久々にクルマシモネタ!? じゃなかったクルマにまつわる深すぎる人間の性について話し合っちゃいましたよ。テーマは「SUVとクロスオーバーの近くて遠い差」で、語り部は今、大躍進中のマツダSKYACTIV戦略の一番バッター「CX-5」の開発主査、大塚正志サン。この方、いたずらっぽい瞳の少年のような方で、先日の商品改良試乗会でも、プレゼン時から独特の物言いが面白かった。

以下、CX-5の改良テーマでもある「SUVらしさ」について突っ込んだ時のことだ。

小沢:先ほどから大塚さんが言ってる「SUVらしさ」ってなんなんでしょう?

大塚:小沢さん。SUVとクロスオーバーって全然違うんですよ。日本じゃ明確にジャンル分けされてなくても、アメリカで「SUV」と呼ばれるか、「クロスオーバー」と呼ばれるかには明確なディテールの差があり、この違いを分かってるか分かってないかで(販売)台数が大きく変わってくる。

なるほど。
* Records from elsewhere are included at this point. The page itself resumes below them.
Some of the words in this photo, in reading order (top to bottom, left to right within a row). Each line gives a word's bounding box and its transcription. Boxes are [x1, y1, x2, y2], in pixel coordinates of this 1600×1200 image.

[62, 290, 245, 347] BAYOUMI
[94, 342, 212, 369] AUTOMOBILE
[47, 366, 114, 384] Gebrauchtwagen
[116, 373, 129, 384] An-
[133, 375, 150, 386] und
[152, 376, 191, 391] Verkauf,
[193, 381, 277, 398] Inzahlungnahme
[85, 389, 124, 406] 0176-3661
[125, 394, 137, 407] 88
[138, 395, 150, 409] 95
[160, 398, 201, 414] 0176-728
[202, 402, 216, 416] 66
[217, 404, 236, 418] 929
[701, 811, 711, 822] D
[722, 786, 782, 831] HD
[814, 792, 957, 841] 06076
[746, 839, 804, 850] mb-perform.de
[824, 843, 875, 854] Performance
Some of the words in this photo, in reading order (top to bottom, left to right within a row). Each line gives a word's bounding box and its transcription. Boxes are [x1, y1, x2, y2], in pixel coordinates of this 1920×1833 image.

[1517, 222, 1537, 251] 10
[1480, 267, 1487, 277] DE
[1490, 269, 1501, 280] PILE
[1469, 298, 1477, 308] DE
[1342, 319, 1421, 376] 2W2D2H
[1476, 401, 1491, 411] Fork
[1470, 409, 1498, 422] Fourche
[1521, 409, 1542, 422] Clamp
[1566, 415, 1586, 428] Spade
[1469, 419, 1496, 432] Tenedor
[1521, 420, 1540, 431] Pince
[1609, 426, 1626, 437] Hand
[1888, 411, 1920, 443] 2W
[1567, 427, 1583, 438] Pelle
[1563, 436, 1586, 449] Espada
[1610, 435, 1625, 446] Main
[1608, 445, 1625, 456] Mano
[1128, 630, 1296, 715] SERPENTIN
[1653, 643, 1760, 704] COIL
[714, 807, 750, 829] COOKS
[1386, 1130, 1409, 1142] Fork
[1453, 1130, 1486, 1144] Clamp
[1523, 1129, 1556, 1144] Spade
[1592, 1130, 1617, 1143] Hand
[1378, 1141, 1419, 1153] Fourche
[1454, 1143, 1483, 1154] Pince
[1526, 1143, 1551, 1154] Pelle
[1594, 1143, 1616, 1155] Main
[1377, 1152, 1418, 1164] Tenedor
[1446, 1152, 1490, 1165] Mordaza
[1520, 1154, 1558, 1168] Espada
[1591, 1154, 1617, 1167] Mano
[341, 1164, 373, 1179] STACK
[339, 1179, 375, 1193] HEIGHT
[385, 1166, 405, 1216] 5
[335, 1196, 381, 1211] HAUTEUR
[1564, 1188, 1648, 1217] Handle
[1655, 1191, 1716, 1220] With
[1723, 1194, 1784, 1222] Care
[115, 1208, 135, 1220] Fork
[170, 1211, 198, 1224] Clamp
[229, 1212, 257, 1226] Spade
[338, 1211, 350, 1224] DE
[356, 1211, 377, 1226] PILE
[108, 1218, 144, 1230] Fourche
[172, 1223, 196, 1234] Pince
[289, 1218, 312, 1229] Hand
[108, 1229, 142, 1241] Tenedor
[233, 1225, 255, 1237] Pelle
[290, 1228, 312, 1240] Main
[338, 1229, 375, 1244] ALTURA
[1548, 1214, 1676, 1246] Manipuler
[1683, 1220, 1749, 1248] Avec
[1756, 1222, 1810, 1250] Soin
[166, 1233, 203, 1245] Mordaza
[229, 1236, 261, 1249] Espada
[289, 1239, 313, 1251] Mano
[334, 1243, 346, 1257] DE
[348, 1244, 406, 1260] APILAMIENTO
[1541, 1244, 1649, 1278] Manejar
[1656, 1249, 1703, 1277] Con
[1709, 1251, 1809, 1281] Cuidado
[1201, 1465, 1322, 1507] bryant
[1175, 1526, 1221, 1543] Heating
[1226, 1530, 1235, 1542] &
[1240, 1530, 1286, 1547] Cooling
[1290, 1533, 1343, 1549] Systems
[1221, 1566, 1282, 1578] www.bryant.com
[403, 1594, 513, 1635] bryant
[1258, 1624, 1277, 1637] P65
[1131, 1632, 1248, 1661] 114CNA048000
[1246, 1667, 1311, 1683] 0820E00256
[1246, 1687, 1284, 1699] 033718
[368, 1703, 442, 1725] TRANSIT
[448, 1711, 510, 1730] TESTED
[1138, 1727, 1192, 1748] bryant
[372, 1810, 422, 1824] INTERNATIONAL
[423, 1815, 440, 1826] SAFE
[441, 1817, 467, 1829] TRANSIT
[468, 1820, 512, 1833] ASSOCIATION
最近乱立するこの手のクルマ、どこからがSUVで、どこからがクロスオーバーかの境界線が見えにくくなっている。例えばメルセデス・ベンツは「GLAクラス」をプレゼンで「世界一美しいSUV」と言ってたけど、あれがホントにSUVなのか? 判断が難しいところだ。

大塚:分かりやすいところではボディーのタテヨコ比とか絶対的車高が判断基準ですけど、意外と大切なのがタイヤとホイールハウスのスキ間で、あれがある程度ないとSUVに見えない。それからフェンダーモールです。あれが樹脂っぽいか黒いつや消しなのか、太いか細いかでも結構違う。実は記号性の塊なんです。

不肖小沢(右)と、今回お話を聞いたマツダの商品本部、主査の大塚正志さん(左)。
不肖小沢(右)と、今回お話を聞いたマツダの商品本部、主査の大塚正志さん(左)。
「SKYACTIV」と呼ばれる新世代技術を総動員して開発され、2012年にデビューした「マツダCX-5」。
「SKYACTIV」と呼ばれる新世代技術を総動員して開発され、2012年にデビューした「マツダCX-5」。
「Aクラス」などにも採用されるFF車用プラットフォームを使って開発された「メルセデス・ベンツGLAクラス」。こうして見ると、確かにSUVのような、ハッチバックのような……。
「Aクラス」などにも採用されるFF車用プラットフォームを使って開発された「メルセデス・ベンツGLAクラス」。こうして見ると、確かにSUVのような、ハッチバックのような……。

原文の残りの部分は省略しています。